From the Editors
Best in Blogs: A Week Without Facebook (Not), the Rickroll Rickroll, and Other Near Deaths
Let's try to get through an entire week without Facebook. It can be done. Facebook is history anyway, now that the company has gone public in a sputtering IPO and CEO Mark Zuckerberg got married. The good old days are over, baby. "Facebook is not only on course to go bust, but will take the rest of the ad-supported Web with it," Michael Wolff writes at Technology Review. "As Facebook gluts an already glutted market, the fallacy of the Web as a profitable ad medium can no longer be overlooked. The crash will come. And Facebook--that putative transformer of worlds, which is, in reality, only an ad-driven site--will fall with everybody else." "Facebook's IPO misfortunes share many fathers," says The Verge. "You might conclude that the whole event is a catastrophe, if not an outright scam, perpetrated by the powerful at the expense of the powerless." Wall Street Window calls Facebook stock "radioactive...Zuckerberg sold over a billion dollars worth of his stock during the IPO. He knew it was a great place to dump and so he did. But who was there to buy once it started to trade? He ran out of suckers so the stock dropped." Wow. Of course the rule of thumb is: when Wall Street tells the public to zig, the smart money zags. So who knows?
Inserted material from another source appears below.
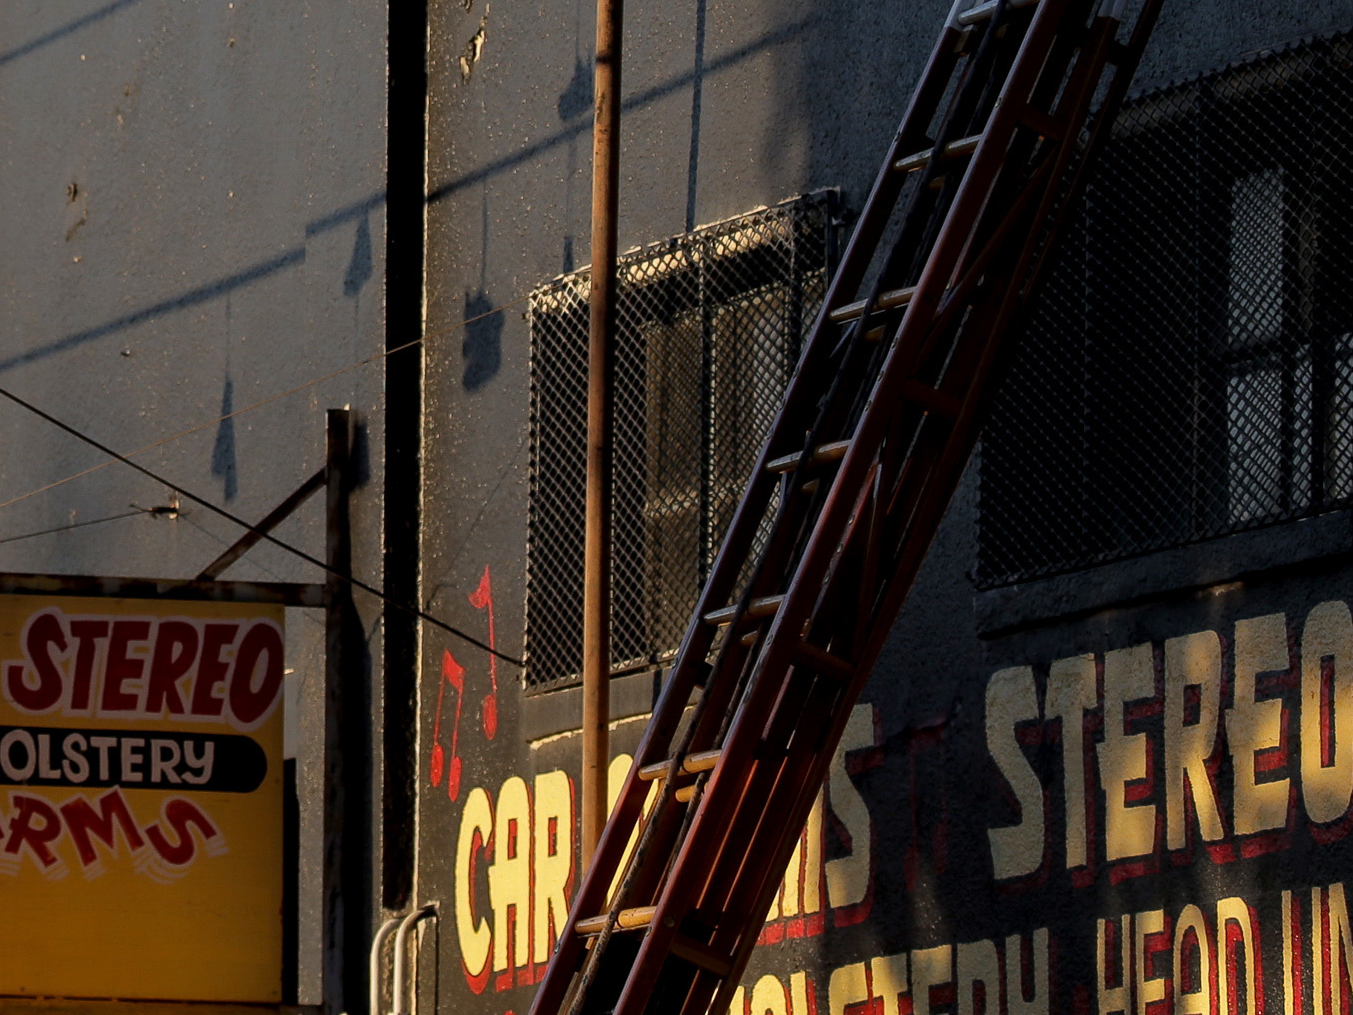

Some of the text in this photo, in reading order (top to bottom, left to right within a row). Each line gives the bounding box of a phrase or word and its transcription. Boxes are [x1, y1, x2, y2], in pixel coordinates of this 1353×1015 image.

What were we talking about again? Oh yeah, Not Facebook. How about this? Former Russian leader Mikhail Gorbachev isn't dead, despite what Twitter says. He's merely "the latest victim of a highly contagious social media disease," says Storyful. "Cause of fake death? Online pranksters, trigger happy Twitter users and lazy journalism. It's doing the rounds." Fake death happens a lot on Twitter. "It seems that Twitter has announced 17 of the last 6 celebrity deaths," jokes Naked Security on a Facebook link to its blog that has helpfully also brought back to life Margaret Thatcher, Hugh Hefner and Adam Ant. This is a nice public service that should have a name. How about Nobituaties?
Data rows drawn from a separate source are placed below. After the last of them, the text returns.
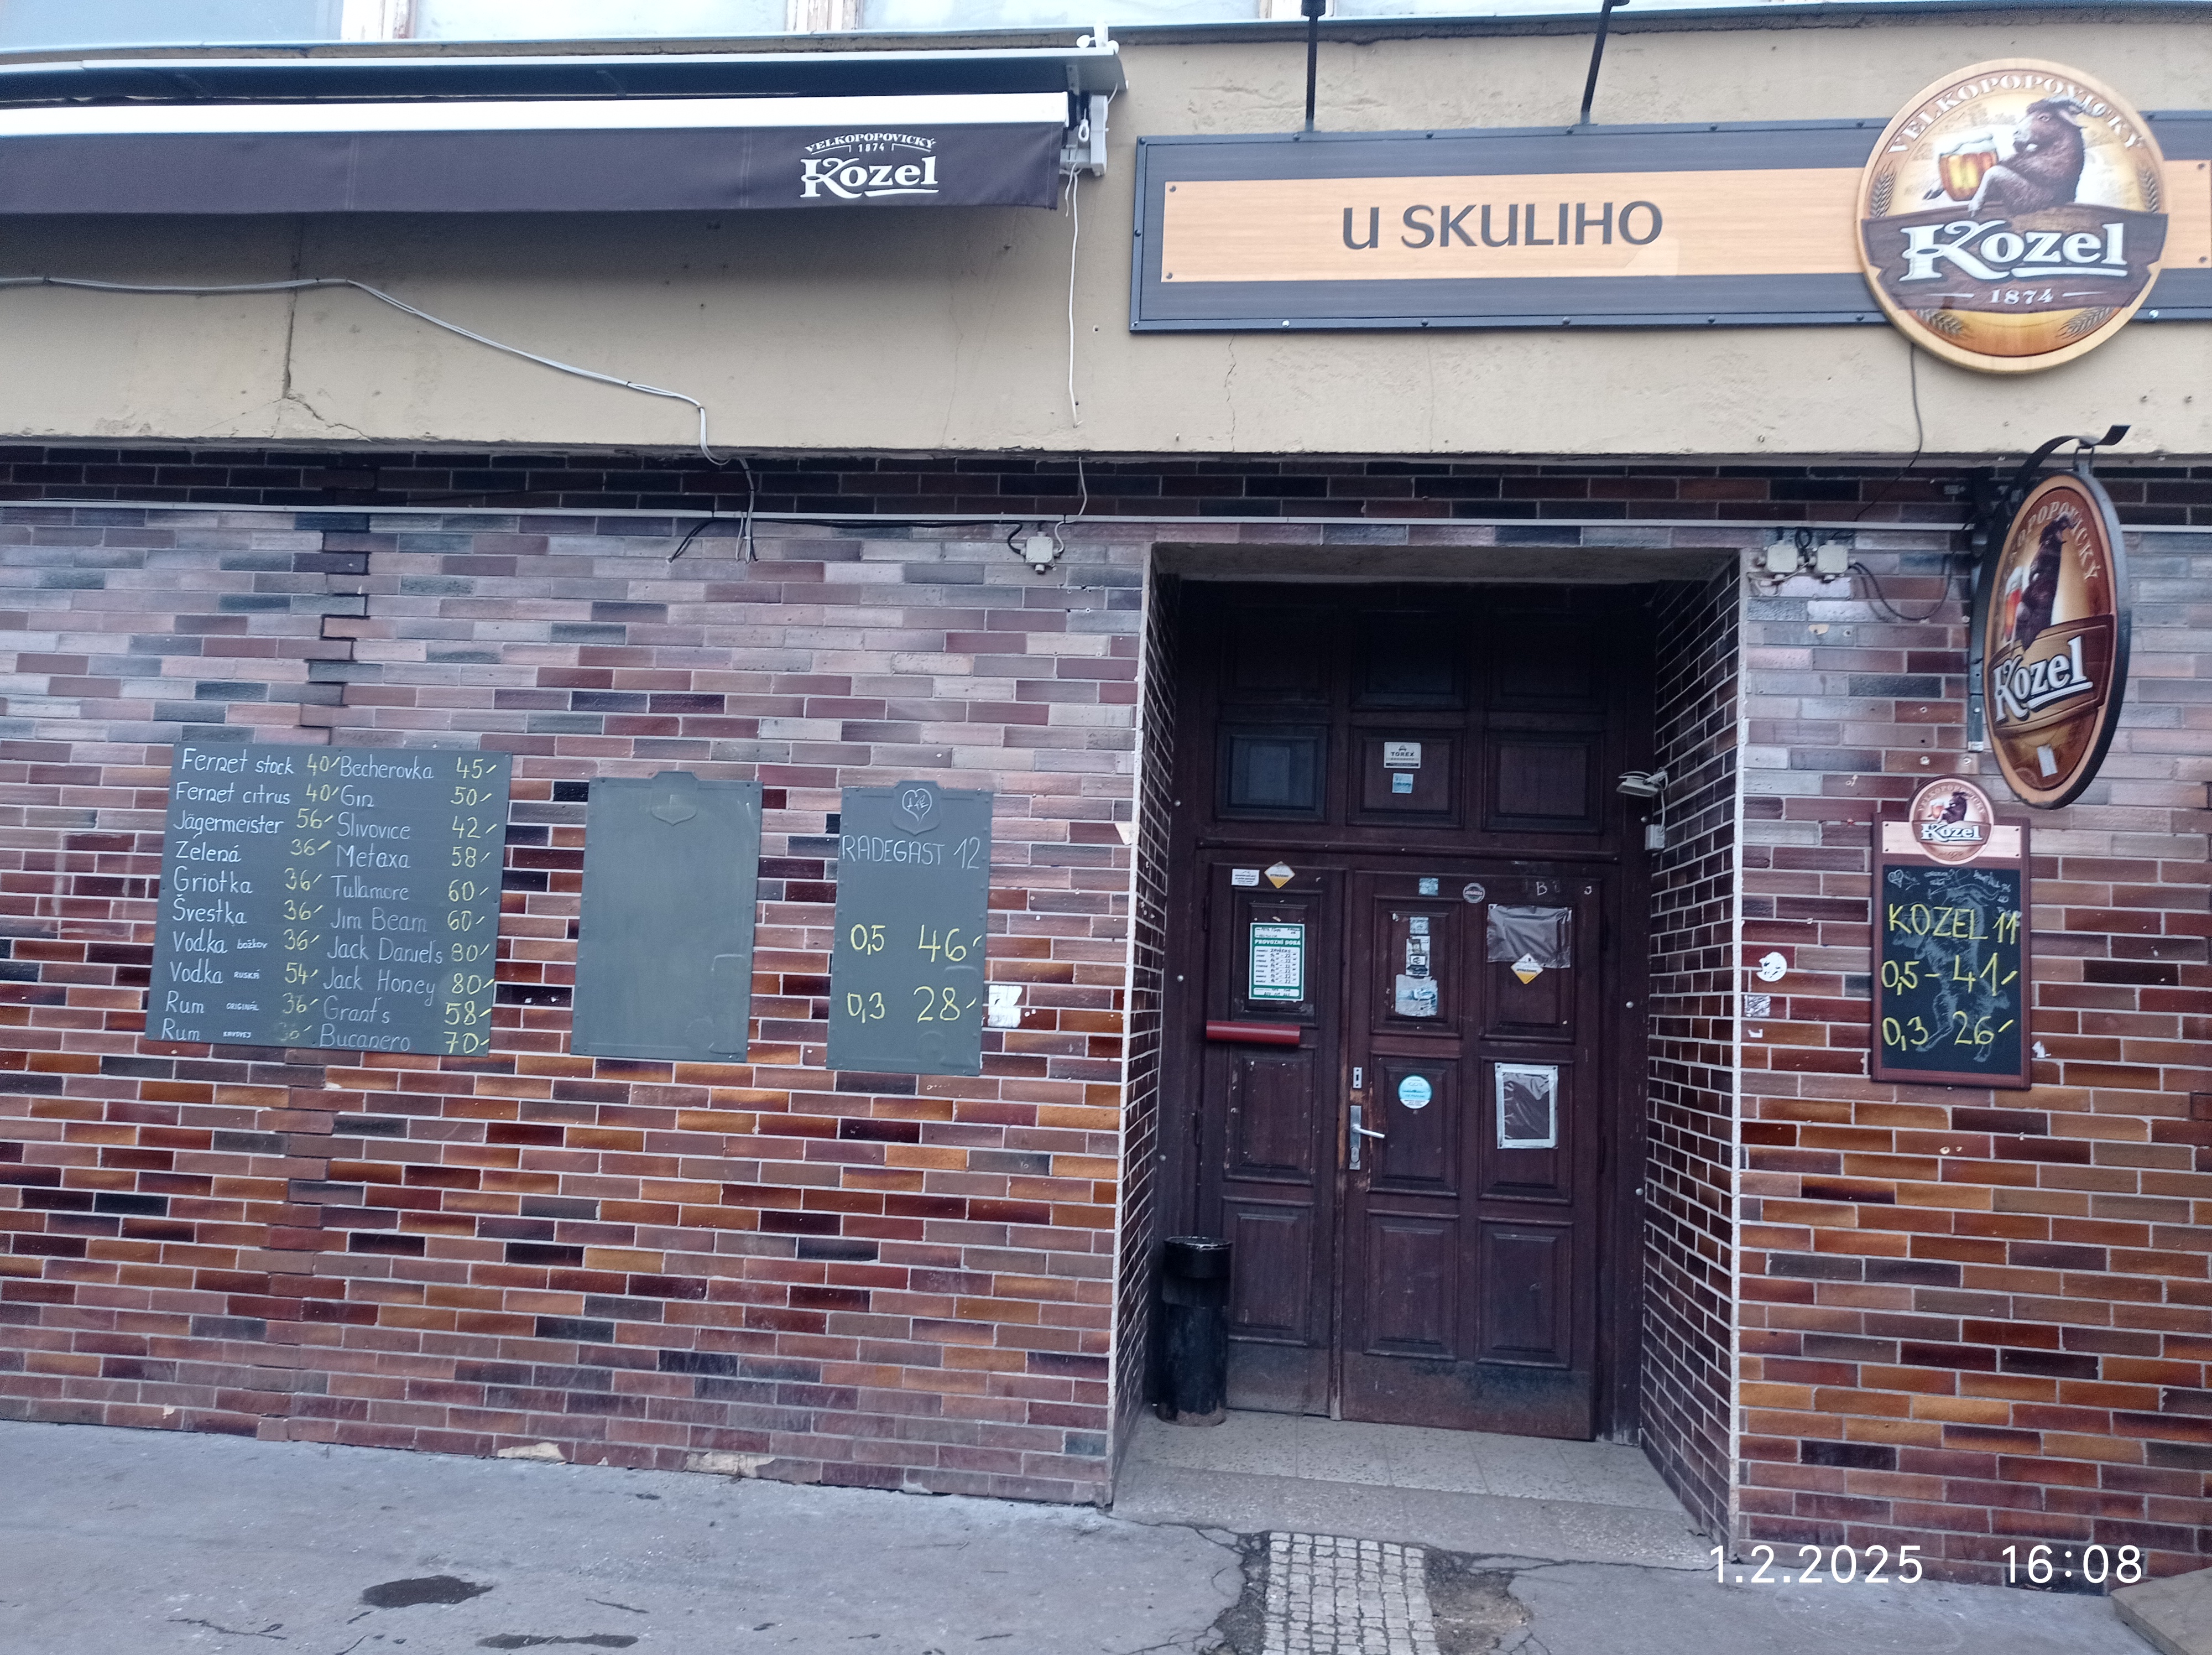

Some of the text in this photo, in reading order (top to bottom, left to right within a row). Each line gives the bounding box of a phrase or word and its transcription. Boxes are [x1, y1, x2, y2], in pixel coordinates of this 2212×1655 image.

[804, 132, 937, 152] VELKOPOPOVICKÝ
[858, 143, 885, 152] 1874
[800, 155, 939, 199] Kozel
[1401, 200, 1663, 249] SKULIHO
[1898, 220, 2128, 281] Kozel
[1991, 288, 2054, 304] 1874
[1992, 636, 2090, 722] Kozel
[181, 748, 248, 773] Fernet
[254, 754, 294, 775] stock
[340, 754, 434, 779] Becherovka
[176, 782, 234, 803] Fernet
[242, 784, 290, 804] citrus
[341, 784, 374, 808] Gin
[173, 810, 284, 839] Jägermeister
[336, 811, 411, 840] Slivovice
[1921, 823, 1983, 842] Kozel
[175, 841, 242, 862] Zelená
[336, 843, 411, 868] Metaxa
[842, 835, 980, 870] RADEGAST 12
[173, 866, 253, 893] Griotka
[331, 875, 409, 901] Tullamore
[172, 894, 247, 925] Švestka
[330, 908, 362, 929] Jim
[372, 907, 427, 932] Beam
[1888, 903, 2017, 945] KOZEL 11
[173, 928, 228, 954] Vodka
[326, 935, 370, 960] Jack
[850, 923, 886, 955] 0,5
[169, 958, 223, 984] Vodka
[1881, 960, 1920, 996] 0,5
[322, 965, 363, 991] Jack
[377, 969, 435, 1007] Honey
[165, 990, 205, 1014] Rum
[847, 991, 886, 1023] 0,3
[161, 1018, 201, 1041] Rum
[319, 1023, 410, 1052] Bucanero
[1882, 1016, 1929, 1051] 0,3
Still alive and kicking is good old Yahoo. The primordial Web search company company debuted a new visual search tool called Axis that, Mashable says, "shines on the iPad" but is an "afterthought" the desktop computers. "One of the major thrusts of Axis is that it makes search more visual...displaying a strip of site preview thumbnail images whenever you input a search term." "By replacing blue links and article abstracts with images of websites, Yahoo axis anticipates a day when how a website looks will tell you as much as what it has to say," says Co.Design: "Yahoo's claim at eliminating a middle step is a bit overblown, but note that there's a subtle shift at work here. Rather than asking that you read capsule bits of text to try and parse whether a search result is relevant to you, they're asking to look at the website."
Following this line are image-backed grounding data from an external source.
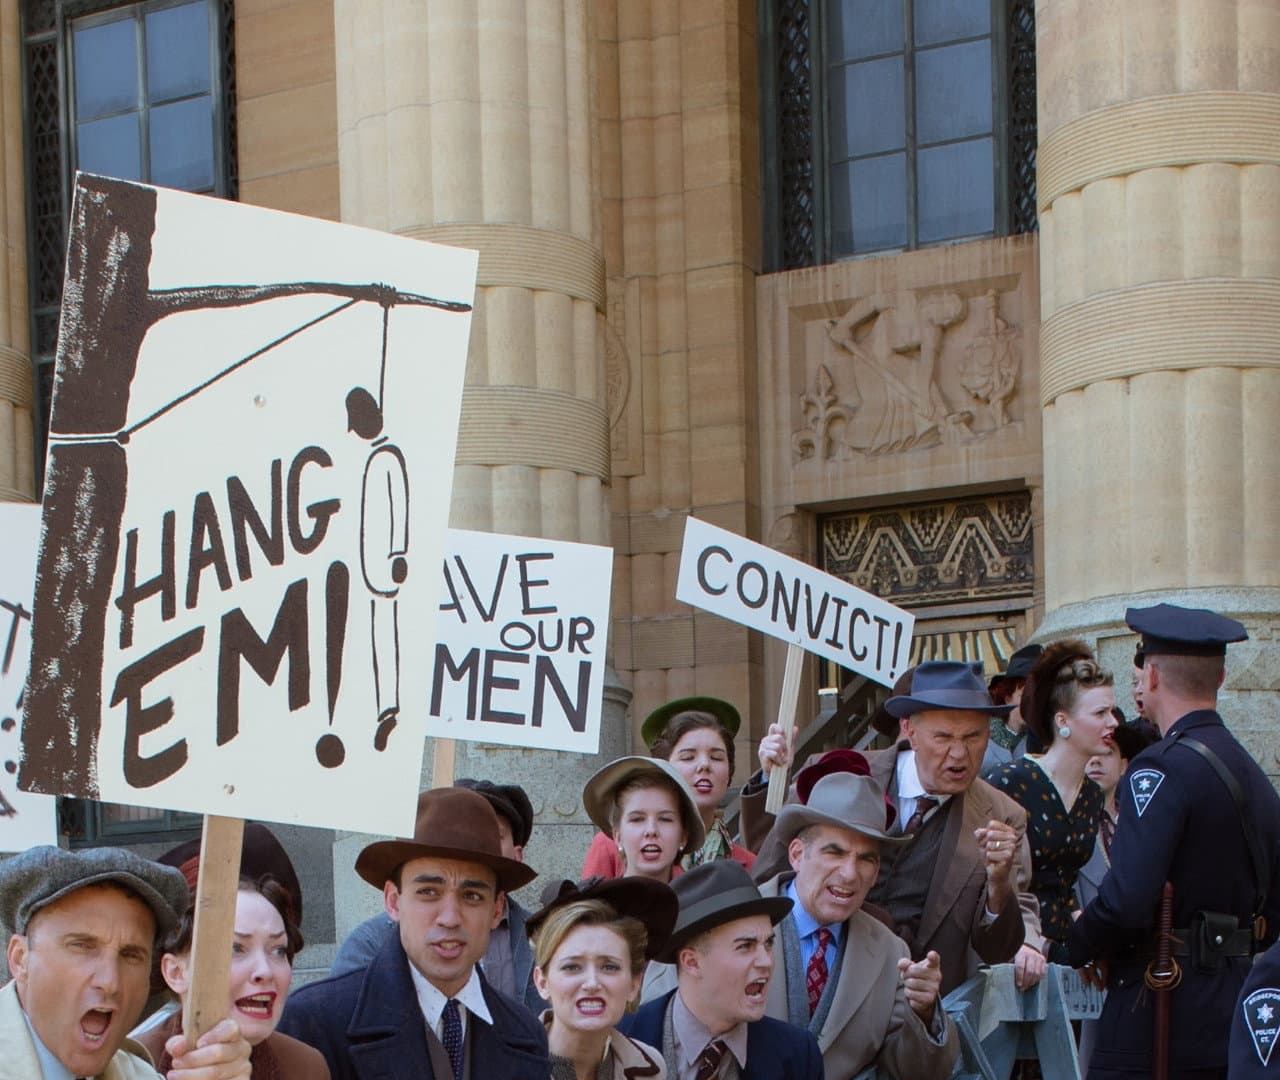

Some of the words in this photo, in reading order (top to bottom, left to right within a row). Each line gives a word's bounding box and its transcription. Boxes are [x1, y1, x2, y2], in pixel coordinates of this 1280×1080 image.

[118, 445, 341, 650] HANG
[439, 552, 558, 624] AVE
[500, 616, 596, 654] OUR
[696, 545, 903, 679] CONVICT!
[110, 560, 350, 790] EM!
[429, 643, 593, 733] MEN
In another bogus death notice involving an online prank, TorrentFreak, Macgasm and others reported that the Rickroll was dead. "Due to a copyright complaint, the original Rickroll video has been removed from YouTube...Hopefully there has been some terrible mistake and everything will be sorted out soon." That's right, see for yourself here. Ah, duh. You don't have to be a genius to figure out what happens next. The whole thing was bogus, TechDirt says the video really was pulled from YouTube briefly after a copyright claim, supposedly by AVG Technologies, a maker of antivirus software. AVG "almost certainly has no legitimate copyright claim to the video." This is an outrage, of course. "Sure, the world isn't suffering much from a bogus Rickroll takedown (and some may argue they benefit), but just the fact that random third parties seem to be able to take down super popular videos raises serious questions about why we've set things up to work this way." Adds Ars Technica: "we're still waiting to hear back from AVG and Google/YouTube about how something like this could happen."
Should anything really happen to the Rickroll, at least there appears to be a worthy successor waiting in the hallway. This week a video went viral of some school teachers dancing ridiculously to Whitney Houston's "I Wanna Dance With Somebody" (too soon?) behind oblivious students who are being interviewed. It's just funny that grown-ups can prank using technology, right? Right? Says College Humor: "It's a tough job, but someone has to show kids how to waste time at work."